从微量样本中同时提取mRNA和天然蛋白

有时，细胞就是那么少，但又要开展多项分析，着实让人为难。丹麦哥本哈根大学的研究人员开发出一种新方法，能从微量的样本中同时提取mRNA和天然蛋白。这项成果发表在《BioTechniques》5月刊上。
在生物学研究的许多领域，样本量往往很有限，特别是人体细胞和组织，如卵泡和胚胎干细胞。但是，研究人员经常需要开展多项分析，比如基因表达和蛋白分析。这就需要从同一个样本中分离出RNA和蛋白质。不过，样本本来就很少，分成两份来操作更是不可能。
目前已有一些操作方案，能从少量样本中同时提取出DNA、RNA和蛋白质。然而，大部分方法都需要将蛋白质变性，以保护RNA不受降解，这就使得一些需要天然蛋白的分析无法开展，比如酶活分析、非变性PAGE或免疫共沉淀。

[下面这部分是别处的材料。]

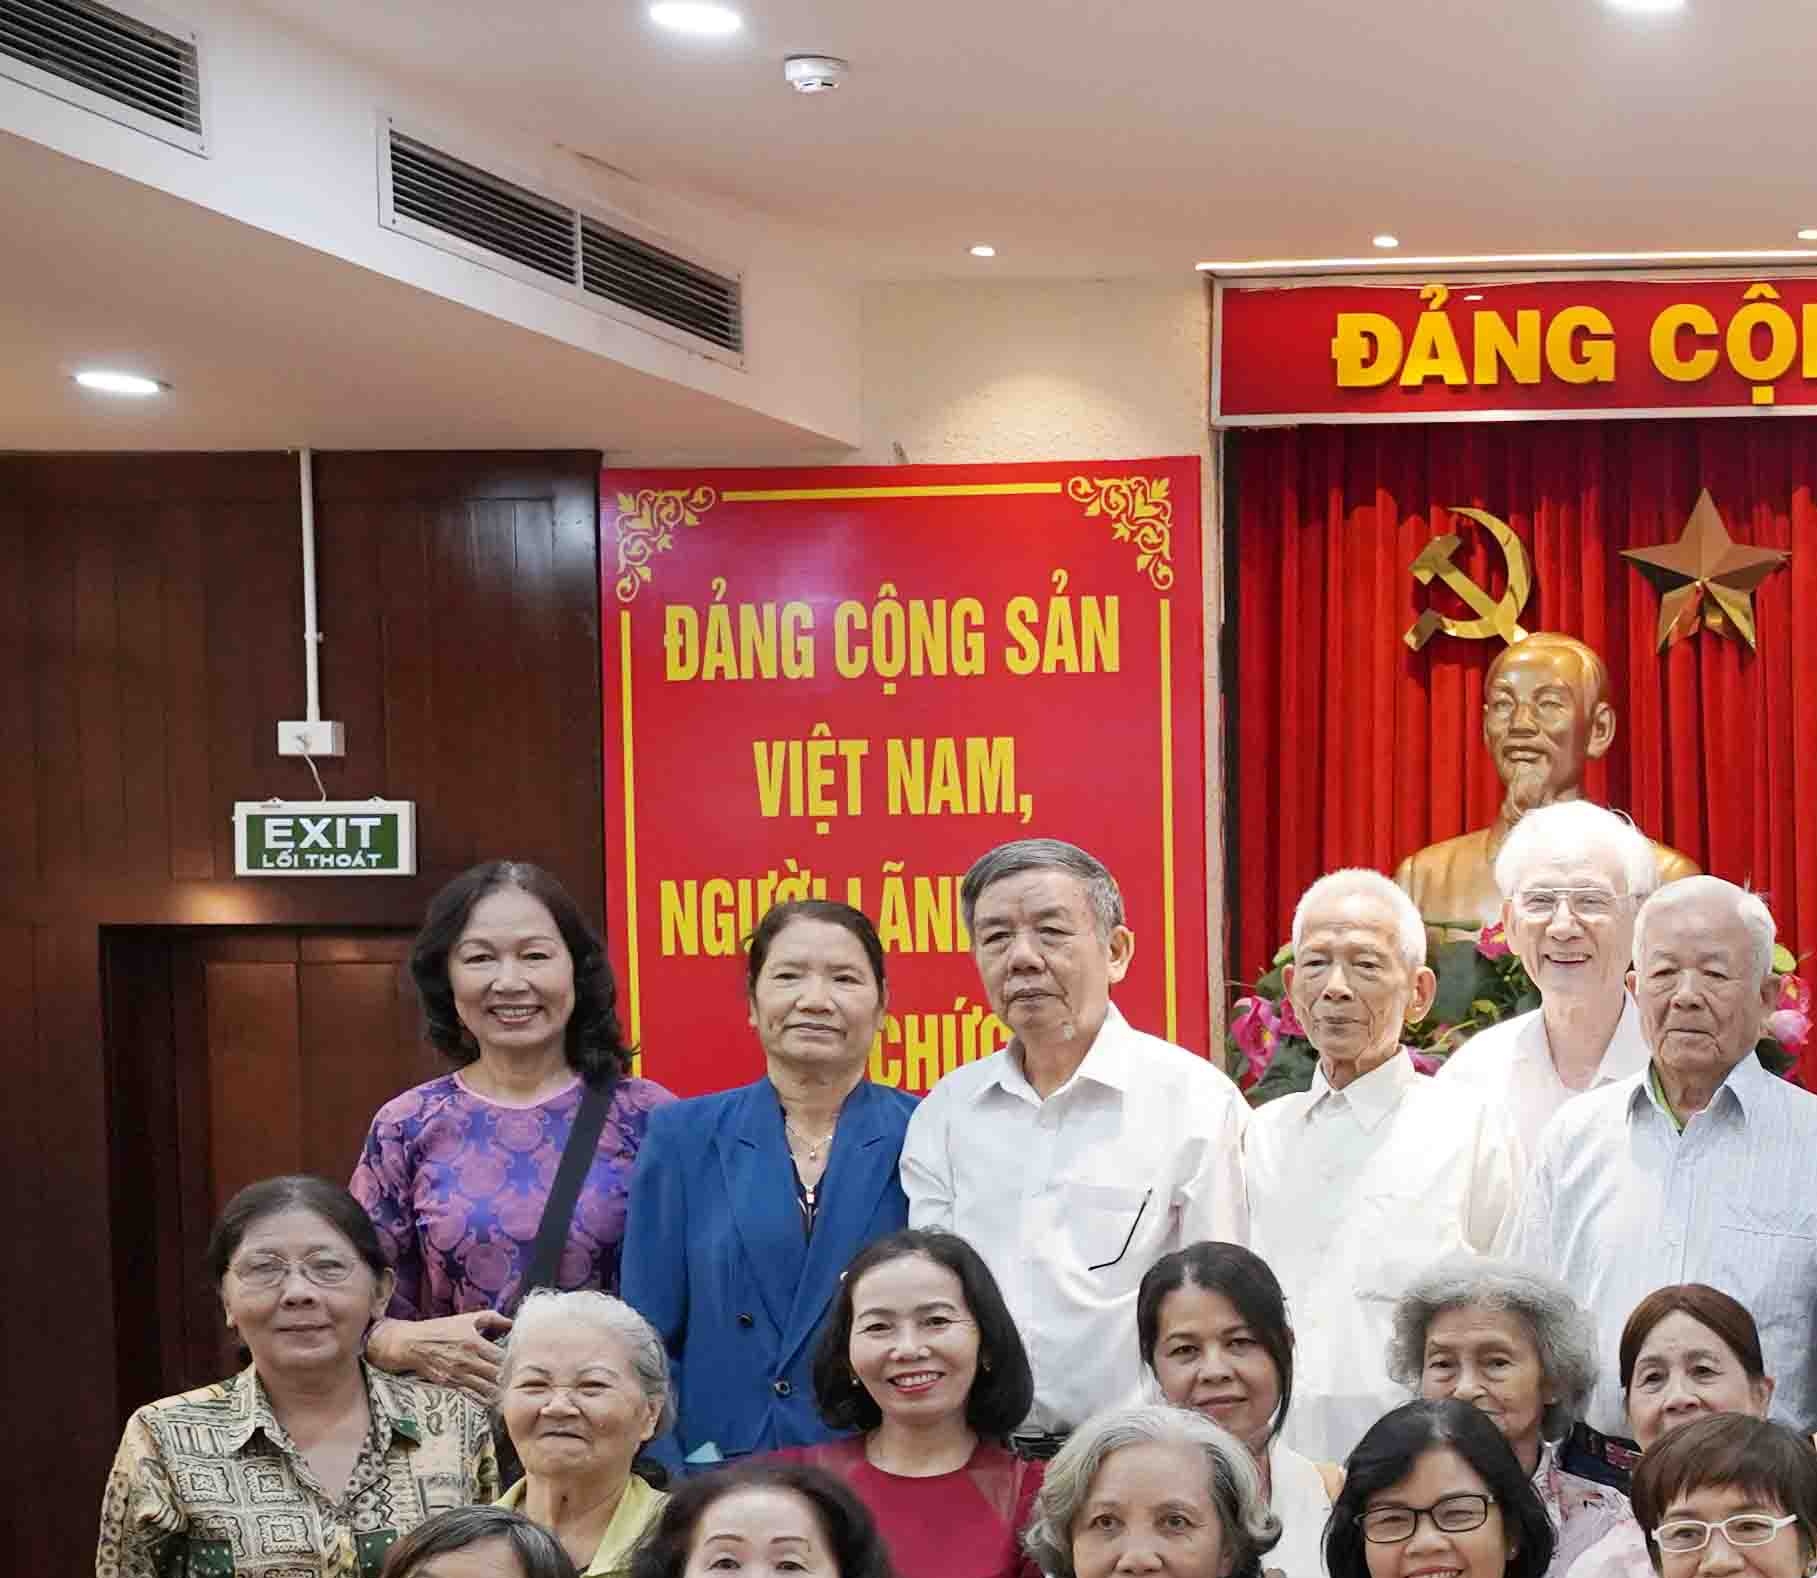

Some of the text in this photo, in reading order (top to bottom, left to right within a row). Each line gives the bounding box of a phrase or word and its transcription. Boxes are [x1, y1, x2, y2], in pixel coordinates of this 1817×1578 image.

[1332, 278, 1616, 387] ĐẢNG
[664, 568, 1119, 695] ĐẢNG CỘNG SẢN
[264, 817, 382, 849] EXIT
[753, 722, 1033, 835] VIỆT NAM,
[262, 849, 382, 868] LỐI THOÁT

一种新方法，能从含有少量细胞的样本中同时纯化mRNA和天然蛋白。这种方法改良自现有的变性磁珠oligo-dT方案，在天然状态下分离mRNA和蛋白质，同时在4°C且还原剂存在时开展RNA分离，以减少RNA的降解。
他们采用Dynabeads® Oligo (dT)25磁珠来选择性分离mRNA，同时以非离子型去污剂来取代离子型去污剂，以便更好地保护蛋白质的天然状态。因此，裂解液中仍含有活性的RNase，但通过将mRNA与磁珠杂交时的温度降至4°C，可有效抑制RNase的活性，同时他们延长了杂交时间。

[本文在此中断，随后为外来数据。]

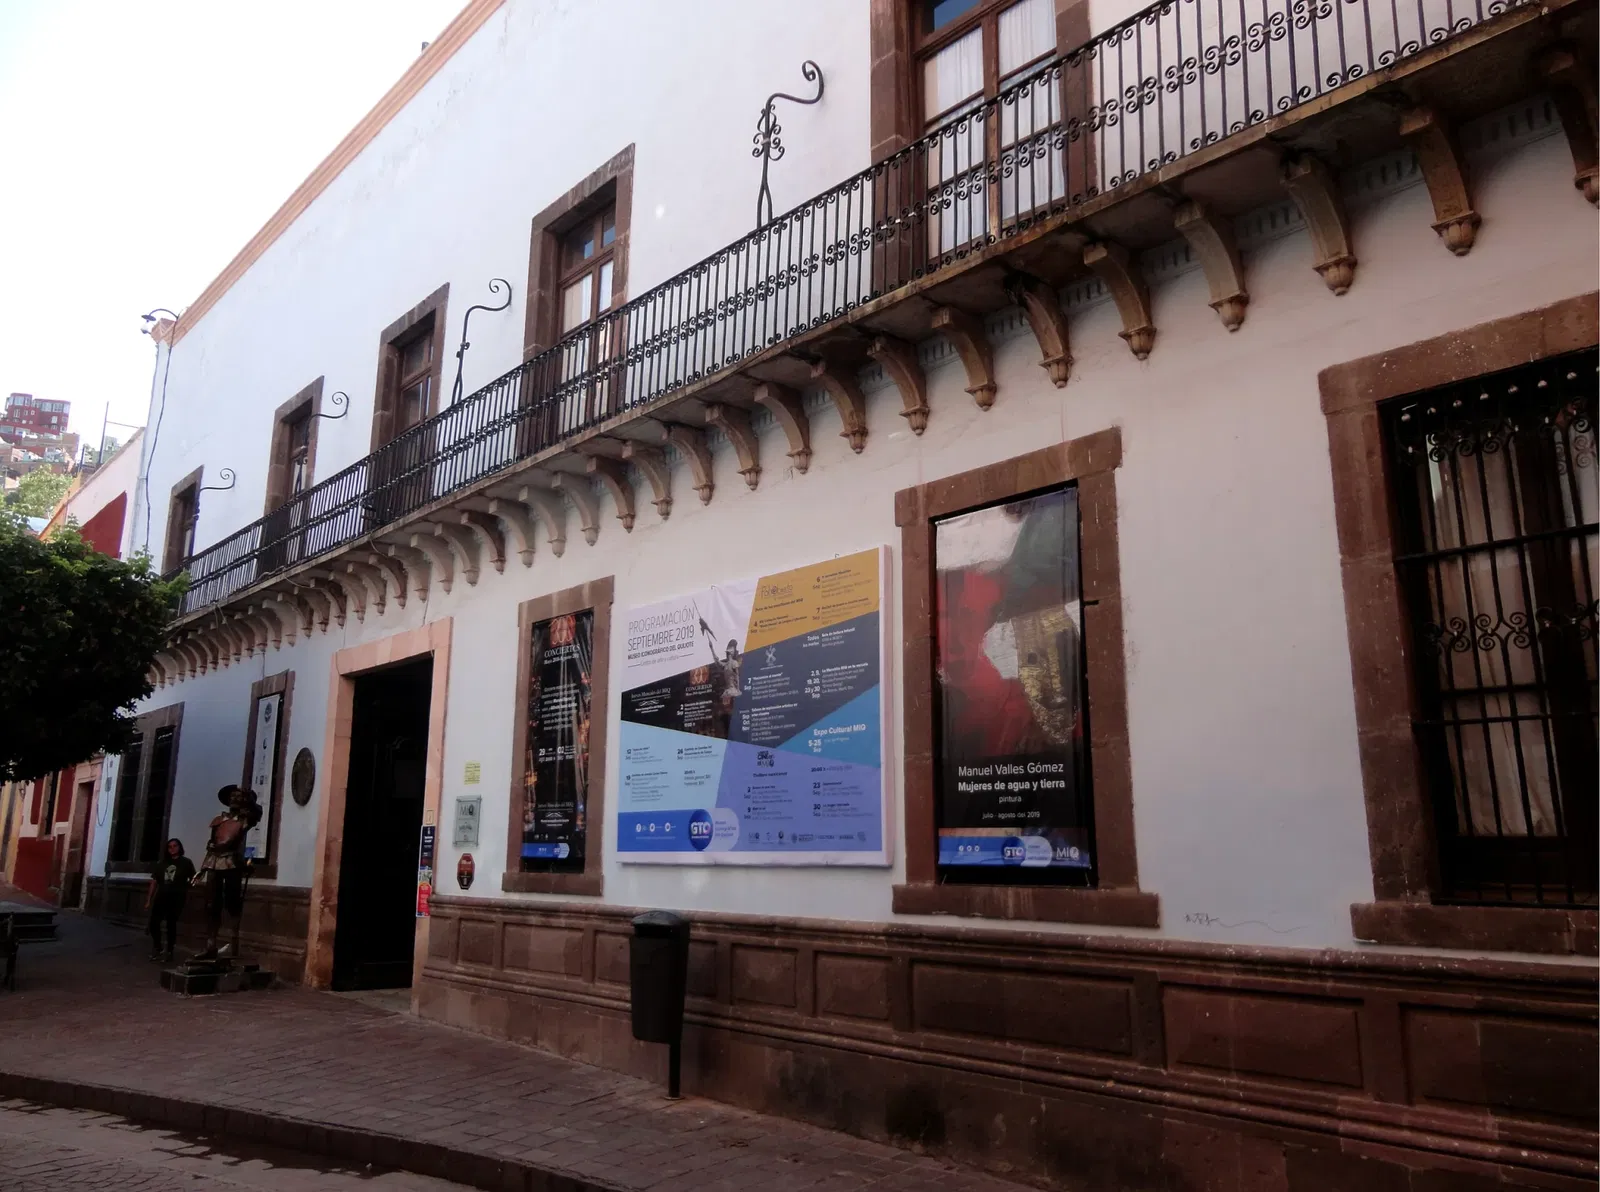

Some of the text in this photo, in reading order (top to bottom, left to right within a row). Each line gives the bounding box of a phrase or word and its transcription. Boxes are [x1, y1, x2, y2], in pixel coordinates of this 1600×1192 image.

[629, 605, 694, 635] PROGRAMACIÓN
[628, 625, 694, 651] SEPTIEMBRE 2019
[544, 643, 580, 658] CONCIERTOS
[628, 652, 640, 660] MUSEO
[677, 641, 694, 650] QUIJOTE
[685, 684, 712, 692] CONCIERTOS
[813, 728, 828, 736] Expo
[829, 725, 852, 734] Cultural
[808, 739, 821, 747] 5-25
[539, 748, 545, 756] 29
[958, 762, 1063, 777] Manuel Valles Gómez
[958, 779, 1065, 793] Mujeres de agua y tierra
[998, 795, 1022, 803] pintura
[982, 812, 993, 820] julio
[691, 822, 711, 835] GTO
[1003, 847, 1023, 857] GTO

研究人员在新生大鼠卵巢、人卵巢颗粒细胞（hGC）和人黄体（CL）上检验了这种新方法。他们测定了抑制素α亚基（Inha）和两个看家基因（Rpl32和Gapdh）的mRNA表达，并测定了磷酸二脂酶（PDE）、caspase-3和乳酸脱氢酶（LDH）的酶活以及GAPDH和β-actin的免疫沉淀。
结果表明，这种方法在分离RNA的数量和质量上与现有的试剂盒相当，同时保留了有功能的蛋白质。他们也检验了标准oligo-dT方案下的RNA产量，发现Inha 、Rpl32和Gapdh基因所获得的Cq值没有差异。此外，酶活检测也发现蛋白质未受RNA纯化的影响。
这种方法能从含有少量细胞的样本中同时纯化mRNA和天然蛋白。当起始材料很少，或需要研究mRNA与蛋白活性的关联时，这特别有用。